The Melbourne store has been a phenomenal success. It’s now a separate business entity in itself with its own operations team and seven employees.

Our second store will open in Sydney in March and we plan to open another store in the Melbourne CBD. We want four outlets by December. We’ve also developed fridges filled with Pana Chocolate for other retailers. It looks like a brass-version of the old-fashioned Coca-Cola fridges.

We’re selective about where we supply Pana Chocolate to. We’ll start with stores in Melbourne and Sydney and will have some in other states too.

Next month we will open an office in the UK. We’ll have a warehouse there and we’re in the process of securing employees. I hope to start producing chocolate there by the end of the year and eventually open a store in the UK too.

Despite my Greek background, it makes sense to expand to the UK first. We currently export to 19 countries, 90% of which are in Europe. We’re sending a lot of product to the UK and the language and systems are very similar.

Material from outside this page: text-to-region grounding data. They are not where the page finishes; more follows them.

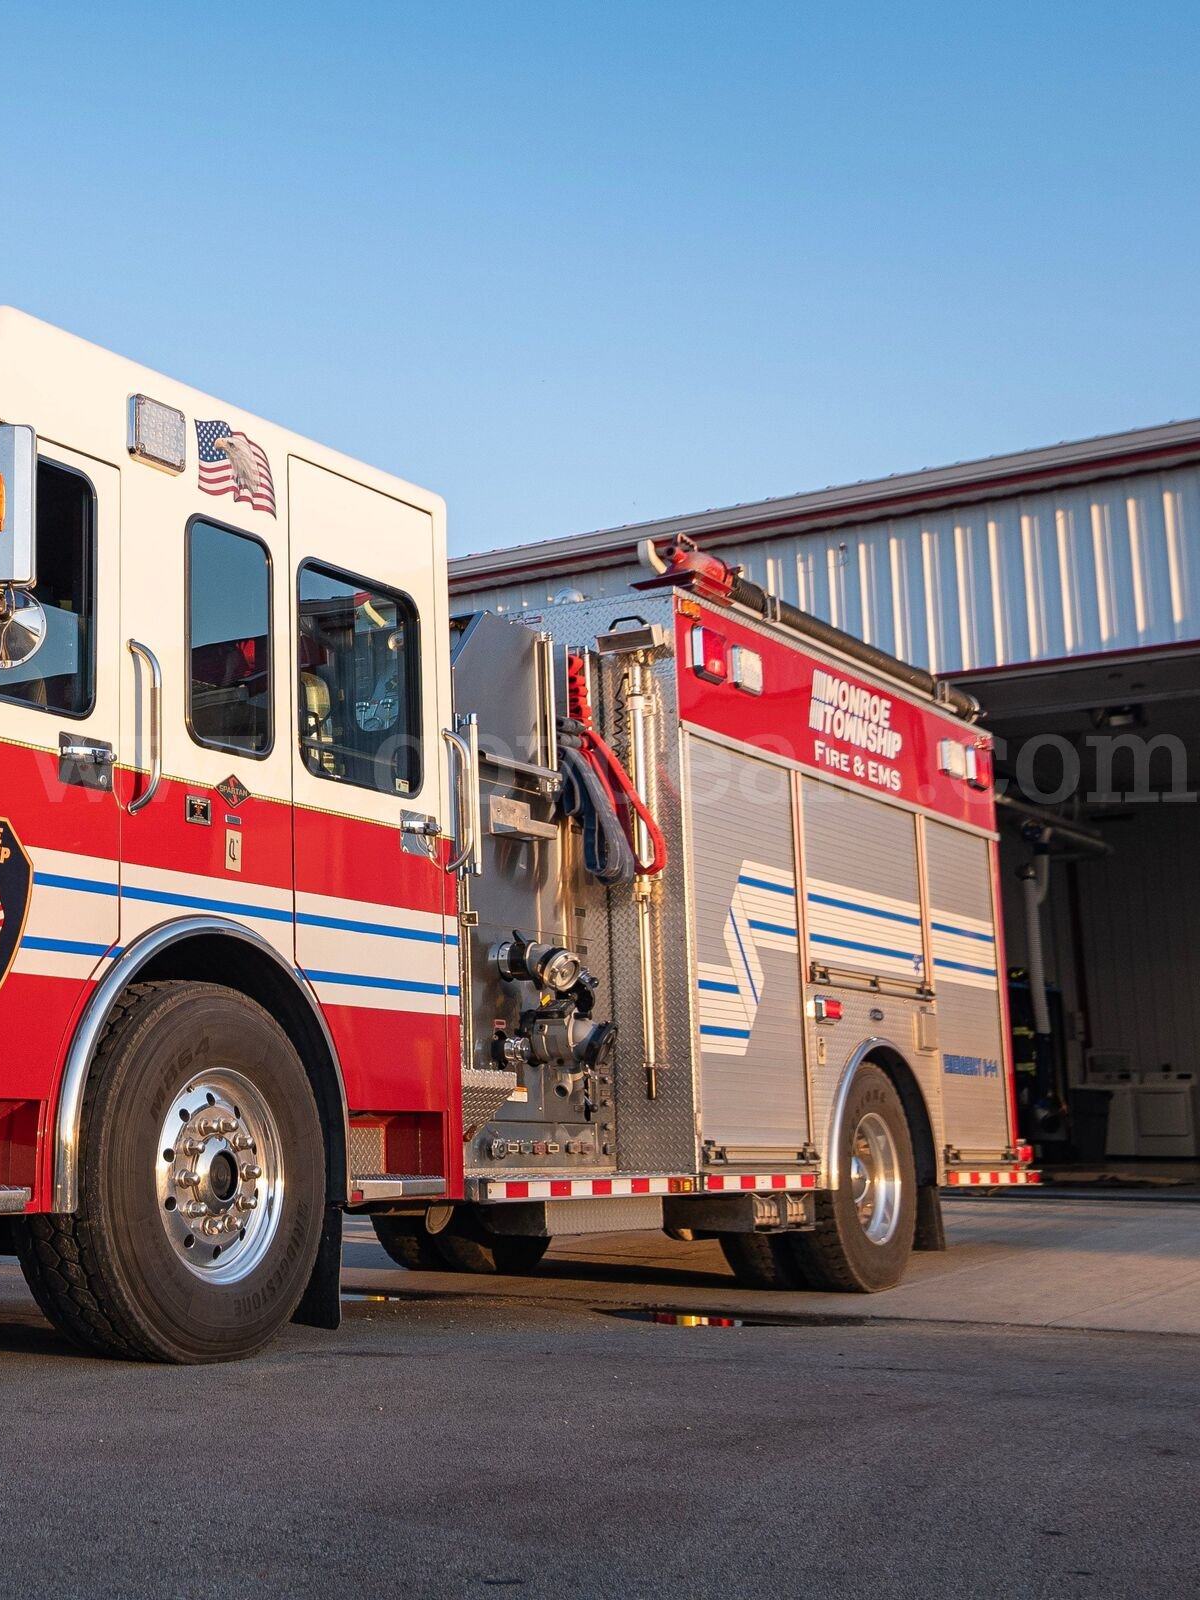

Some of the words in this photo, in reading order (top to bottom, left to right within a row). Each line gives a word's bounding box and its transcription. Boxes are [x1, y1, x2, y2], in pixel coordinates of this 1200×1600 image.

[825, 674, 891, 728] MONROE
[823, 704, 902, 759] TOWNSHIP
[219, 784, 248, 797] SPARTAN
[814, 739, 850, 772] FIRE
[853, 755, 865, 777] &
[867, 761, 901, 791] EMS

We will expand to the US in 2016. I want Pana Chocolate to be the number one raw chocolate company in the world by 2017.

We will focus purely on chocolate; there is enough space for us to keep growing in the chocolate market.

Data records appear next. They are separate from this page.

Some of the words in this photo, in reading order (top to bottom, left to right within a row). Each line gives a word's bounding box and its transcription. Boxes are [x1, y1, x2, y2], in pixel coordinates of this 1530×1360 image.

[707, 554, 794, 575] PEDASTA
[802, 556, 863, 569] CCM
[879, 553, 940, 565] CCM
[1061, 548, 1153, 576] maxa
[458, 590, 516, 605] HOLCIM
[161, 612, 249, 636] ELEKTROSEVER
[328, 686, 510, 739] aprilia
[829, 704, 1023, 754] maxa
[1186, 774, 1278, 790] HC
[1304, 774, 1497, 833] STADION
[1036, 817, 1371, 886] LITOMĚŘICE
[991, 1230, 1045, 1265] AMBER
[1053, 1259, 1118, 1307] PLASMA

The best marketing we can do is word-of-mouth through ambassadors who have embraced the products, but social media has been a great help. We have a reach of around 150,000 across Facebook and Instagram.

We’ve also received a lot of unpaid editorial coverage. All together we’ve been featured in 50-odd newspaper and magazine articles and we haven’t had to pay a thing.

Last year I created a marketing department and hired a PR company. We want to reach a wider audience and tap into the mainstream market.

I’ve just finished writing my first business plan. I’ve always had a vision and there are key people who I have shared some information with but it was a gratifying feeling to sit down with my team members in November and December and take all the ideas out of my head and put them on paper.

It was something I needed to do as more people join the company. I needed more structure and more parameters. The biggest transition I have made is being about to empower the people that work for me to make decisions.

If my business is keeping me up at night I get up and write down my anxieties. It clears my head and I feel as if I have actioned it.

Pana Chocolate is my passion; it’s the best journey I have been on. I jump out of bed to go to work each day. I can take the business so much further still and financially, it is very rewarding.

I’m blessed with an amazing team. There is not one employee that I wouldn’t re-hire today. My second, third and fourth employee are still with me and the only reason my first isn’t is because they moved overseas.

I remember one time when we were extremely busy. I got to work at 7.15am to get started. But two of my employees were already in before me. They knew about the workload and they just started working.